I transcribed the Q2 earnings call Q&A, as I found it insightful. There is also a transcript of the rest of the call on the IR page & webcast is available there as well.
*1 is at the very bottom
Summary:
This was a weak quarter & the outlook for the rest of the year is rather poor as well.
The main problem remains SSS (Same Store Sales), with -7% QoQ decline, which is an alarming 25.2% annualised, despite Q2 being seasonally stronger than Q1, although this can be mitigated to some degree by an issue that is temporary (*1).
At the same time core operations remain at solid profitability & at least some part of the currently poor performance is impacted by temporary headwinds, even though some problems are likely not temporary.
My long-term investment thesis remains intact, although somewhat bruised.
Nonetheless I still have conviction about the long-term potential & trajectory of the company.

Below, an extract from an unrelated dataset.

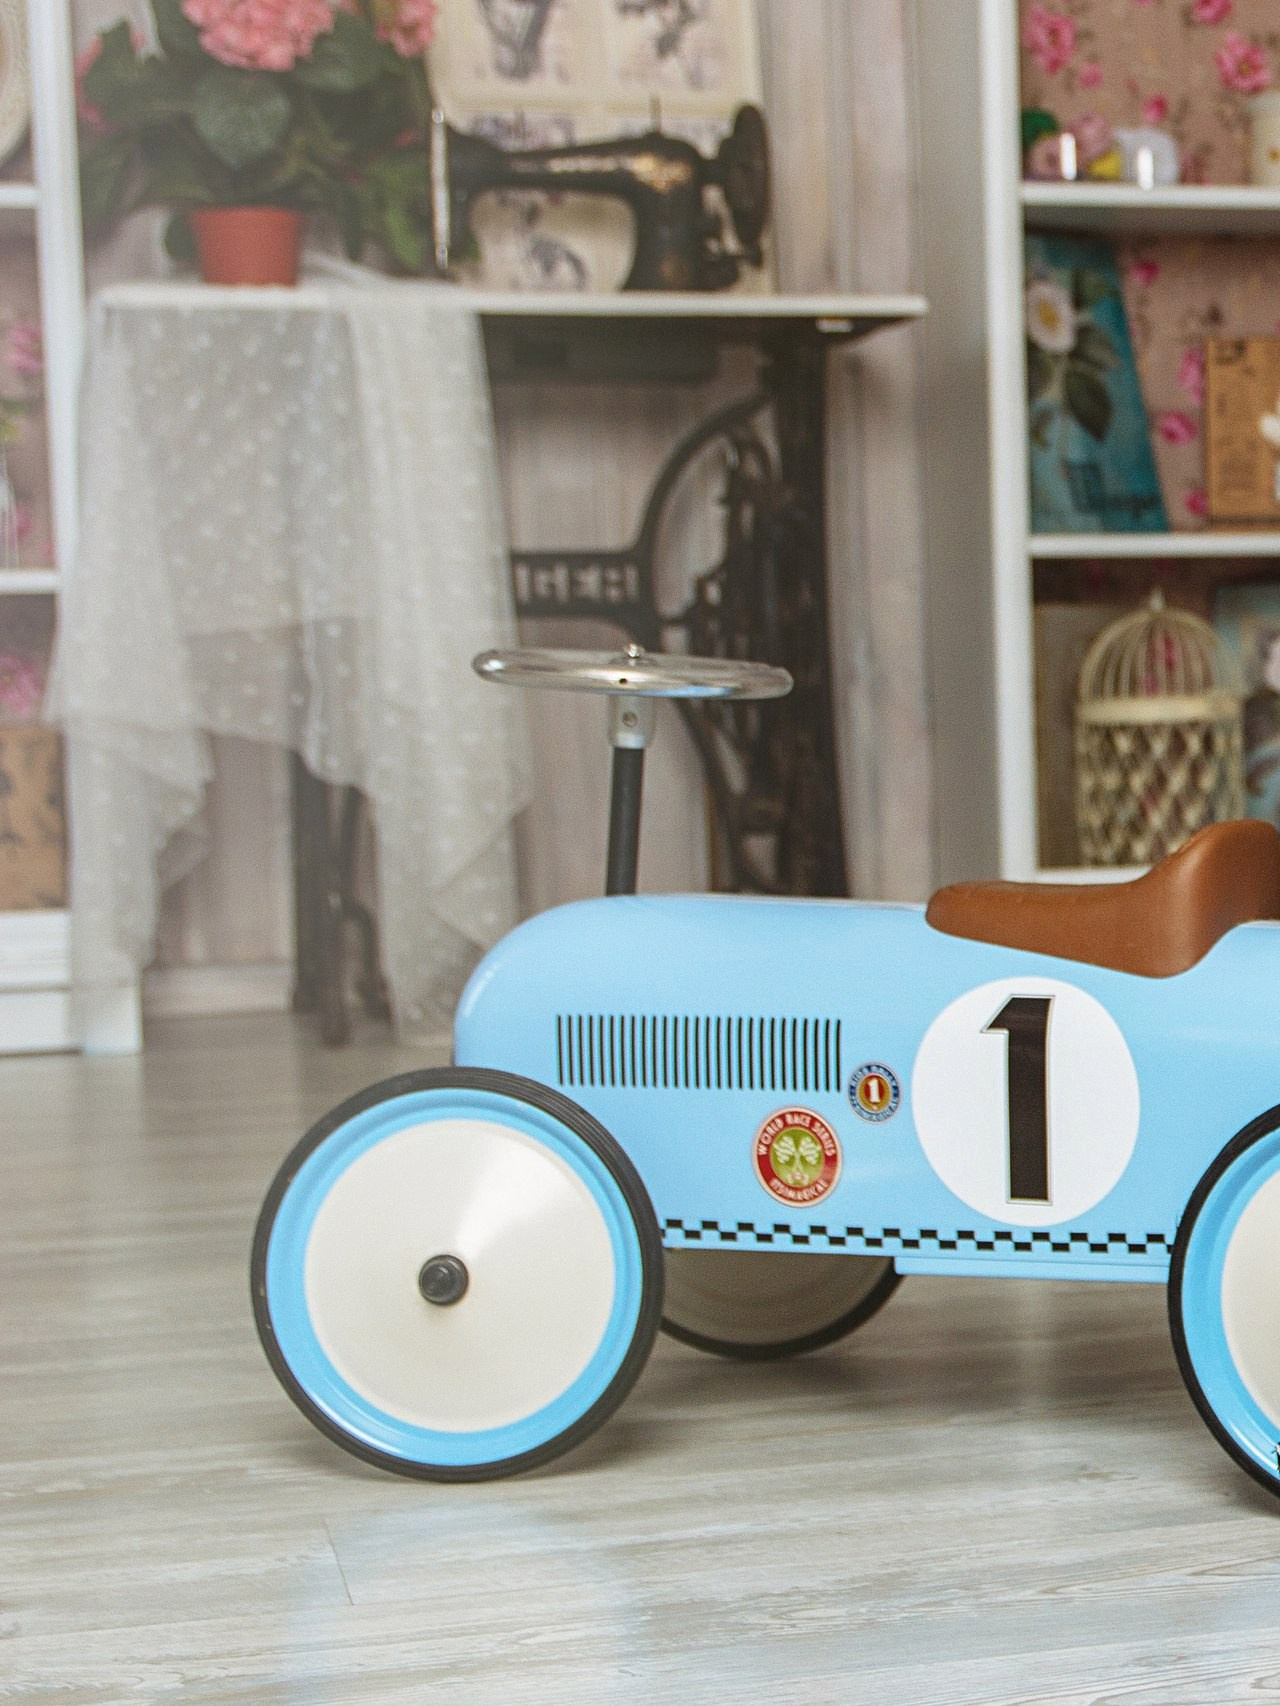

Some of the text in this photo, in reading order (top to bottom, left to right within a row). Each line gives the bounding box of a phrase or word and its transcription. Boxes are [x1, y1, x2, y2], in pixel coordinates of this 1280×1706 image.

I will therefore stay significantly invested, but am considering rotating partly into other stocks, as the outlook for at least the next two quarters is rather poor - likely similar to this quarter - and I still see some very interesting opportunities in the market that might perform better over the next 6-12 months. I currently hold ca. 13.5% of my stock portfolio in $CHA at a cost $ average of $23.84.
The bad:
The big problem continues to be the continuing SSS decline within the core market China (96% of revenue)
(From Q2 2024 to Q2 2025)
-SSS continue to decline YoY (-23%) and sequentially (-7%), despite Q2 historically being stronger quarter than Q1. (This particular quarter (Q2) is mitigated by a factor I explain below (*1))
-This is presumably related to increased economic insecurity & a weak consumer in China, leading to consumers buying lower price teas, such as Guming; this undermines Chagee’s focus on higher-cost mid-premium tea products
-also the new style tea market in China has slowed down significantly
-Chagee’s focus on building sustainable growth by avoiding price wars and focusing on high quality and brand value appears to be (at least currently) failing to some degree within China (where 96% of revenue comes from)

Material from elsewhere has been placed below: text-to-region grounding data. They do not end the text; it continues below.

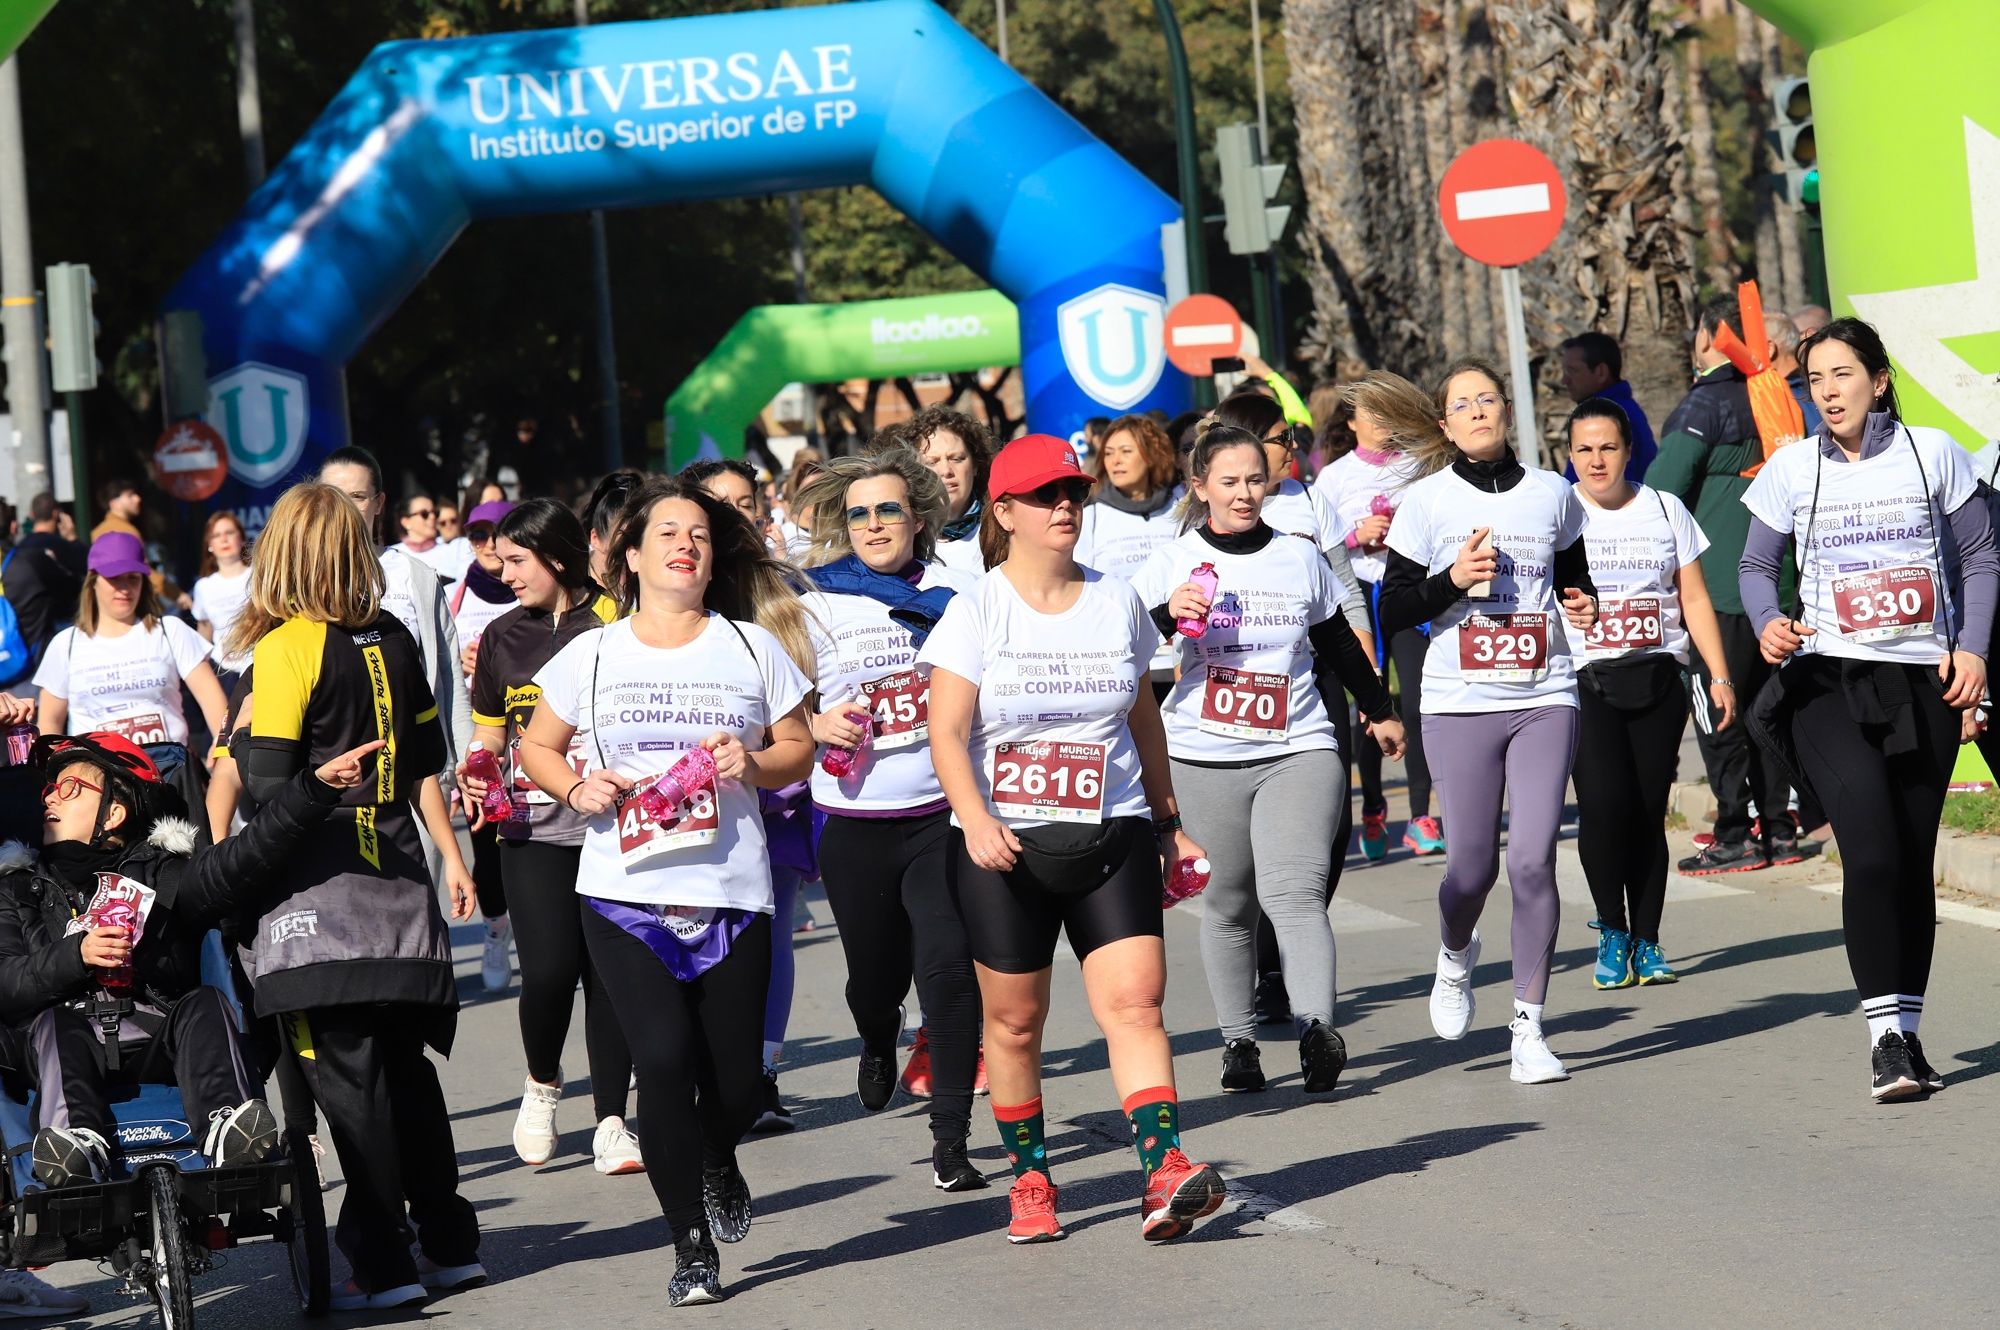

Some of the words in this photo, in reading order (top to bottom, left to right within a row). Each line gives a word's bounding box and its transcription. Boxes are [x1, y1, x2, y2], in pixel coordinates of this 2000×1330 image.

[464, 44, 857, 125] UNIVERSAE
[469, 127, 606, 161] Instituto
[614, 110, 755, 152] Superior
[762, 105, 806, 135] de
[815, 100, 857, 129] FP
[1079, 306, 1149, 387] U
[218, 384, 290, 465] U
[1851, 502, 1863, 510] DE
[1864, 500, 1875, 508] LA
[1876, 497, 1903, 507] MUJER
[1843, 510, 1863, 528] MÍ
[1865, 514, 1876, 525] Y
[1877, 511, 1906, 525] POR
[1513, 535, 1536, 543] MUJER
[1822, 525, 1922, 548] COMPAÑERAS
[1513, 548, 1536, 560] POR
[1494, 561, 1547, 577] PAÑERAS
[1587, 557, 1665, 571] OMPAÑERAS
[1889, 569, 1927, 579] MURCIA
[1239, 589, 1249, 597] DE
[1233, 597, 1251, 612] MÍ
[1263, 601, 1288, 612] POR
[1629, 600, 1657, 608] MURCIA
[1850, 588, 1922, 622] 330
[1211, 612, 1305, 630] COMPAÑERAS
[1476, 618, 1507, 633] mujer
[1512, 615, 1543, 623] MURCIA
[1587, 615, 1659, 643] 3329
[351, 630, 382, 646] NIEVES
[837, 630, 854, 641] VIII
[854, 625, 893, 636] CARRERA
[856, 640, 885, 653] POR
[887, 632, 909, 649] MÍ
[1473, 633, 1537, 662] 329
[997, 650, 1015, 659] VIII
[1016, 652, 1054, 660] CARRERA
[1055, 652, 1067, 660] DE
[1081, 651, 1108, 659] MUJER
[368, 651, 386, 699] RUEDAS
[1018, 664, 1046, 676] POR
[1048, 661, 1070, 676] MÍ
[1070, 664, 1082, 676] Y
[1084, 663, 1115, 675] POR
[615, 682, 659, 690] CARRERA
[661, 682, 675, 690] DE
[676, 682, 689, 690] LA
[691, 682, 722, 690] MUJER
[881, 676, 911, 692] mujer
[994, 683, 1021, 697] MIS
[1024, 677, 1134, 694] COMPAÑERAS
[1222, 672, 1249, 688] mujer
[1254, 675, 1286, 685] MURCIA
[614, 693, 645, 706] POR
[649, 690, 674, 705] MÍ
[677, 694, 689, 706] Y
[692, 694, 724, 708] POR
[1214, 687, 1275, 720] 070
[619, 707, 746, 729] COMPAÑERAS
[1016, 744, 1052, 761] mujer
[1059, 745, 1101, 757] MURCIA
[995, 761, 1100, 799] 2616
[1032, 797, 1060, 806] CATICA
[91, 875, 109, 910] MURCIA
[270, 914, 318, 945] UPCT
[676, 918, 706, 937] MARZO
[113, 1125, 163, 1137] Advance
[124, 1131, 171, 1142] Mobility

-This is despite management saying in Q1 earnings call that they would focus more on SSS in the future (although for a Chinese company that might not mean next quarter; Chagee in particular is focused on long-term strategy, not QoQ as I explain in my thesis (on Substack))

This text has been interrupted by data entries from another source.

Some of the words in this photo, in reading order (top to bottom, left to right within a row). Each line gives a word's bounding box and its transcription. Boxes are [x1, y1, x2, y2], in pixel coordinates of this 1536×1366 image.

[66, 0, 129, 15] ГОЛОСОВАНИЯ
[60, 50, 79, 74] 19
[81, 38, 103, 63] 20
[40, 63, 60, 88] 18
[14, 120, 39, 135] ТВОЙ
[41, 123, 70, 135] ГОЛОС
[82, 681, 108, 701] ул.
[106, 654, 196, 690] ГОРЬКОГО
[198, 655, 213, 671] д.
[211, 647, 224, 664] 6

-Marketing expenses are already very high, so it’s unlikely that they can increase that for improved SSS
-CEO in earnings call was focused on overseas & not SSS in China, which I frankly don’t appreciate, as this a very reasonable concern for investors, as China is still over 96% of revenue
-Teehouse expansion in China is still ongoing, which is a questionable choice considering the declining SSS, regarding which self-cannibalization (ie. Stores competing with each other) no doubt plays a role, especially considering the focus on urban mid-premium costumers - low to mid price players, like Guming have more room for expansion into smaller cities and suburbs. But: this strategy is not without strategic rational
Teehouse expansion for greater China:
-3.53% QoQ Growth in Q1 -> 14.91% annualised - this shows that management quickly -moderated teehouse growth after the first YoY SSS decline in Q4 2024 & is aware of the issue
-Reaccelerated to 4.78% QoQ Growth in Q2 -> 20.51% annualised - this is a questionable choice imo, but not without rational as I will elaborate below
-Q1 QoQ teahouse growth did slow down a lot from the quarters before: 10.40% in Q4, 16% & 20% before that
-Note that YoY numbers can look misleading, as QoQ growth was much higher until Q4 2024
-high marketing & administrative expenses led to flat net income YoY (+0.2%), despite 10% revenue growth (this is sth I’m not concerned about at all rn as I will explain below)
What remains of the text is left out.